The Recall Desk
HighFDA (Devices)·Z-2518-2025·Announced 2025-09-10

Pressure Sensor Error in Merge Hemo Cardiac Monitoring System Recall

The Merge Hemo hemodynamics monitoring system is recalled due to a pressure sensor defect in its integrated Schiller ARGUS component, which triggers error messages during blood pressure measurements in high-pressure ranges. Eighty-four units distributed nationwide are affected.

What this means for you

Real risk of harm even if no illness or injury has been reported yet. Stop using the product and follow the agency's guidance.

Our severity reasoning: This is an FDA Class II recall affecting a critical patient monitoring device used during invasive cardiac procedures. While no illnesses or injuries have been reported, the pressure sensor defect creates a risk of harm by preventing accurate blood pressure measurement in high-pressure ranges during high-risk clinical procedures.

Plain-English summary

The Merge Hemo Model RCSV2 is a hemodynamics recording computer system used to monitor, measure, and record blood pressure and other vital physiologic parameters during diagnostic and interventional cardiac procedures. The system is used in invasive cardiology, interventional radiology, and cardiac electrophysiology clinical settings.
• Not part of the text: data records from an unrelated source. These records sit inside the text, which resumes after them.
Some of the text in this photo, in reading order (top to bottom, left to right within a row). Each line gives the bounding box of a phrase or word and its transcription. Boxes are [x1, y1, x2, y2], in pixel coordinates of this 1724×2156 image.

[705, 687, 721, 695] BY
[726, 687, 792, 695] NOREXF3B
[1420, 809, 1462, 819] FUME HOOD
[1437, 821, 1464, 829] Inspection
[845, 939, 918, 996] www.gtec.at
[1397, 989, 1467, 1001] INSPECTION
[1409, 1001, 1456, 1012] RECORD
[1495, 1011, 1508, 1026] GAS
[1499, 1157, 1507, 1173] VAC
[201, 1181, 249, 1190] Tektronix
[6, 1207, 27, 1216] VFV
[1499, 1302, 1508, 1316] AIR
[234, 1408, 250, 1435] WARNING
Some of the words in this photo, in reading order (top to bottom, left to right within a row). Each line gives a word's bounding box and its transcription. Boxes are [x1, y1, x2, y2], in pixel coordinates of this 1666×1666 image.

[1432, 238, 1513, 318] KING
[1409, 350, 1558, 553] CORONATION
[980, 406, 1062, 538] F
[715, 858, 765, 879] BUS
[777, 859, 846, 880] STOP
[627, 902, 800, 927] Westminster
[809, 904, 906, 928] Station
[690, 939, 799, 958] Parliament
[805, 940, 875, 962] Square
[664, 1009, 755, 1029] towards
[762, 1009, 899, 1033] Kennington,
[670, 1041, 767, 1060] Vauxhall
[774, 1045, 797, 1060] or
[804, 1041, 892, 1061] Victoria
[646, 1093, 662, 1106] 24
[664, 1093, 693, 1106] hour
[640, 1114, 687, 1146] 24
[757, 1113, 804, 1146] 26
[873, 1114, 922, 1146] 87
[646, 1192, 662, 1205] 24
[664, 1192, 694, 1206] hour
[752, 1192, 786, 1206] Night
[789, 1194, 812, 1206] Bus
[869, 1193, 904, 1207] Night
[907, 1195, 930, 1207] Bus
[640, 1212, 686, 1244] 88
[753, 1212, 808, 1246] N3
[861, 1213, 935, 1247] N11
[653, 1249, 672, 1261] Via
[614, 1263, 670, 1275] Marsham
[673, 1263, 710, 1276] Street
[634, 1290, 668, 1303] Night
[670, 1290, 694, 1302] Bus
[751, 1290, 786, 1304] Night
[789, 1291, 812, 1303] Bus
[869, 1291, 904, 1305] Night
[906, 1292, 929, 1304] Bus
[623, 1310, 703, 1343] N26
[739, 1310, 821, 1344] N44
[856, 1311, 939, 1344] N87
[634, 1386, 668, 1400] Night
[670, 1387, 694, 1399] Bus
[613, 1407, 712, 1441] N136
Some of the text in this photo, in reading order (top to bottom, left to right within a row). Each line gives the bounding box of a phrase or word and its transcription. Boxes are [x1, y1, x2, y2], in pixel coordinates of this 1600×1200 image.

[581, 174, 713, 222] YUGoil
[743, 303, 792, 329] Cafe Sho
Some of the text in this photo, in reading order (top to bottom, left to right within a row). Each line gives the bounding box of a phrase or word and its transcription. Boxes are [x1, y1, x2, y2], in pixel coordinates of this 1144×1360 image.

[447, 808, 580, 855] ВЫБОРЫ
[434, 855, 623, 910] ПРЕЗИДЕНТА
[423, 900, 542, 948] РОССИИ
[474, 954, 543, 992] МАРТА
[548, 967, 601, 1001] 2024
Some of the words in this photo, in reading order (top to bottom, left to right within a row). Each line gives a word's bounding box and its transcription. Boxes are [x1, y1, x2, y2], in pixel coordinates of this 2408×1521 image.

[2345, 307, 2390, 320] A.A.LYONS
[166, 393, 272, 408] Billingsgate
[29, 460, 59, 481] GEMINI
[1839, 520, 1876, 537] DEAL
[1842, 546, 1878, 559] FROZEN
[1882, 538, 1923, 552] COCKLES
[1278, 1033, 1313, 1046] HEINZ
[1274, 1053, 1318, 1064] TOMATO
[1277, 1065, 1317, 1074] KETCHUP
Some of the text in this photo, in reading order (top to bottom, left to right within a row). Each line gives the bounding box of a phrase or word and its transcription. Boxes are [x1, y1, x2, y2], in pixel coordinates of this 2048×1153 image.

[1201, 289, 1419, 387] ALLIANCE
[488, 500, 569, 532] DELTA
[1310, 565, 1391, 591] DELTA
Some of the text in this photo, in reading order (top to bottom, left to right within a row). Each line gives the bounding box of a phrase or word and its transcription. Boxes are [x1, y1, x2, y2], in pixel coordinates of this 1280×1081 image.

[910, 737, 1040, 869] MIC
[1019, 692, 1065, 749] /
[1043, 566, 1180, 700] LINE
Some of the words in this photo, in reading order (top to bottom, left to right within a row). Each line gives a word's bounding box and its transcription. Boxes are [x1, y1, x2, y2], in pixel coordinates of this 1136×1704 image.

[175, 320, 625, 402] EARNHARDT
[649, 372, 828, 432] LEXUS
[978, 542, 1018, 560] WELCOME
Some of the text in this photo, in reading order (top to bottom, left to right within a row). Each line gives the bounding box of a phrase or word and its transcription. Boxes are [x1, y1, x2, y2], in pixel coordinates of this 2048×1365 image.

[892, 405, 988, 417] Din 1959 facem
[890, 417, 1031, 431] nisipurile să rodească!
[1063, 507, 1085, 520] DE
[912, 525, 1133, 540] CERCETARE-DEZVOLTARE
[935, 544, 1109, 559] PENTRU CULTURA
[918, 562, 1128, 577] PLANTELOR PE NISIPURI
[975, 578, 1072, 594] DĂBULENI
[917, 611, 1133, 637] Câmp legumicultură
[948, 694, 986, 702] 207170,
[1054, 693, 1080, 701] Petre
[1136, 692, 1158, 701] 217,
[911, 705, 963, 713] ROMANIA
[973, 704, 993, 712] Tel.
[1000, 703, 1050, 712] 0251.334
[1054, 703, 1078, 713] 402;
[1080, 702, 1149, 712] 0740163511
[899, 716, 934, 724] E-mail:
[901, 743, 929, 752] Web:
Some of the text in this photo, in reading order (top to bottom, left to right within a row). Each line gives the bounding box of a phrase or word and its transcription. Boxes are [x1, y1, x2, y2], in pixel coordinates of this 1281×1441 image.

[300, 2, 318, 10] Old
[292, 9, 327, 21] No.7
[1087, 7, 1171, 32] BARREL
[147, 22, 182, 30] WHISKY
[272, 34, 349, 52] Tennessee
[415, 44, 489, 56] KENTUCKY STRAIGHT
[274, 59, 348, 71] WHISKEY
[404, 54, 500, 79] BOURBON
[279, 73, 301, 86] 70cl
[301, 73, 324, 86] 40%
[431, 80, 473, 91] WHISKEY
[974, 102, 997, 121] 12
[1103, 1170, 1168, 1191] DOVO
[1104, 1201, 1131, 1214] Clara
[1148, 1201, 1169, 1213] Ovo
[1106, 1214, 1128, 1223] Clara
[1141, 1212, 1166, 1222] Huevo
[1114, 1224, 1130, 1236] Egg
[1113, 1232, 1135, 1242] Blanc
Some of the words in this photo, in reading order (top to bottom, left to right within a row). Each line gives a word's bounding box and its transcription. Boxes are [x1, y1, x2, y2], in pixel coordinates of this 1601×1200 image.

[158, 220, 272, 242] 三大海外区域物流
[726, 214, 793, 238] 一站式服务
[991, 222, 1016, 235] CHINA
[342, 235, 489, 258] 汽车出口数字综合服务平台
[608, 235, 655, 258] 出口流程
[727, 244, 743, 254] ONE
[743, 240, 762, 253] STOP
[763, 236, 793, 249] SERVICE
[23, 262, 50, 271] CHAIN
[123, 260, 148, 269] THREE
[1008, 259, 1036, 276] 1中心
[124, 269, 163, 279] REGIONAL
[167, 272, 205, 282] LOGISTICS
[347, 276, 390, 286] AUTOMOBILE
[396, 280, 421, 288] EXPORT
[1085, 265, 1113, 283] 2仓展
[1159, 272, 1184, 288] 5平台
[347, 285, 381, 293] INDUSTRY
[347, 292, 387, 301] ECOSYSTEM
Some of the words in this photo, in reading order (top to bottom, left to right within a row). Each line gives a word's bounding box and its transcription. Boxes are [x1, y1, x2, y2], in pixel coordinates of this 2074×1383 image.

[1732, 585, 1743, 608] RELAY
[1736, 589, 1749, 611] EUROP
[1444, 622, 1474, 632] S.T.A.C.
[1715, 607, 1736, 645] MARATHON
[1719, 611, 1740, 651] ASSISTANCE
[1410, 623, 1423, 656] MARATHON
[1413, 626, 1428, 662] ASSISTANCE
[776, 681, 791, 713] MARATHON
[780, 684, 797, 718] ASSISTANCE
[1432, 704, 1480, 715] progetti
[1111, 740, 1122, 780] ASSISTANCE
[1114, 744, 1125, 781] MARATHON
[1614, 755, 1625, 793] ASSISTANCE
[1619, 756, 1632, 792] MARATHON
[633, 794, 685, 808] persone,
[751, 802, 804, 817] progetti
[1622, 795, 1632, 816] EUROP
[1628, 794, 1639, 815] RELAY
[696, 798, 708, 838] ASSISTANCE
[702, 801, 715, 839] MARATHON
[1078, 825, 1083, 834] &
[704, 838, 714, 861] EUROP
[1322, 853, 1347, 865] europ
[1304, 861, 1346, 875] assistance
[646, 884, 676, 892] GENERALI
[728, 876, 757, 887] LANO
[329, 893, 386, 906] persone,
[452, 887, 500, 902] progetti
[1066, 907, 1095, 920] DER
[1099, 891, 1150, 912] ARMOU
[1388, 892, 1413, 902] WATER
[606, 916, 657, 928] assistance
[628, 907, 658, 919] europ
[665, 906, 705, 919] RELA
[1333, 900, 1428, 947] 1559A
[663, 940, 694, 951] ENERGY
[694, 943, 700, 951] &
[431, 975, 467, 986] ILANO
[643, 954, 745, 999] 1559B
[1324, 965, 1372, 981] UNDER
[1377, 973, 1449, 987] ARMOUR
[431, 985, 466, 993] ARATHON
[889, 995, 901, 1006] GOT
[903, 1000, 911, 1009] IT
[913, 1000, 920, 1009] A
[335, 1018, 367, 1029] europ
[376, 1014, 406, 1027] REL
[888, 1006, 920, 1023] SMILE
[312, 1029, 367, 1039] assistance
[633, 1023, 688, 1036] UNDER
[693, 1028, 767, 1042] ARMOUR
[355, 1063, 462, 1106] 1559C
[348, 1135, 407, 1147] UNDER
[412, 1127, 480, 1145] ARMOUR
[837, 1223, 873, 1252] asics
Merge Healthcare has been informed that certain units of the integrated Schiller ARGUS PB-3000 Patient Data Module (PDM) contain a pressure sensor defect. When the initial inflation pressure is set in the high-pressure range above 240 mmHg, the defective sensor triggers a "Pressure Sensor Defective" error message on the Merge Hemo Client during non-invasive blood pressure (NIBP) measurements. This error prevents accurate pressure readings at high-pressure settings. No other components of the Merge Hemo System are affected.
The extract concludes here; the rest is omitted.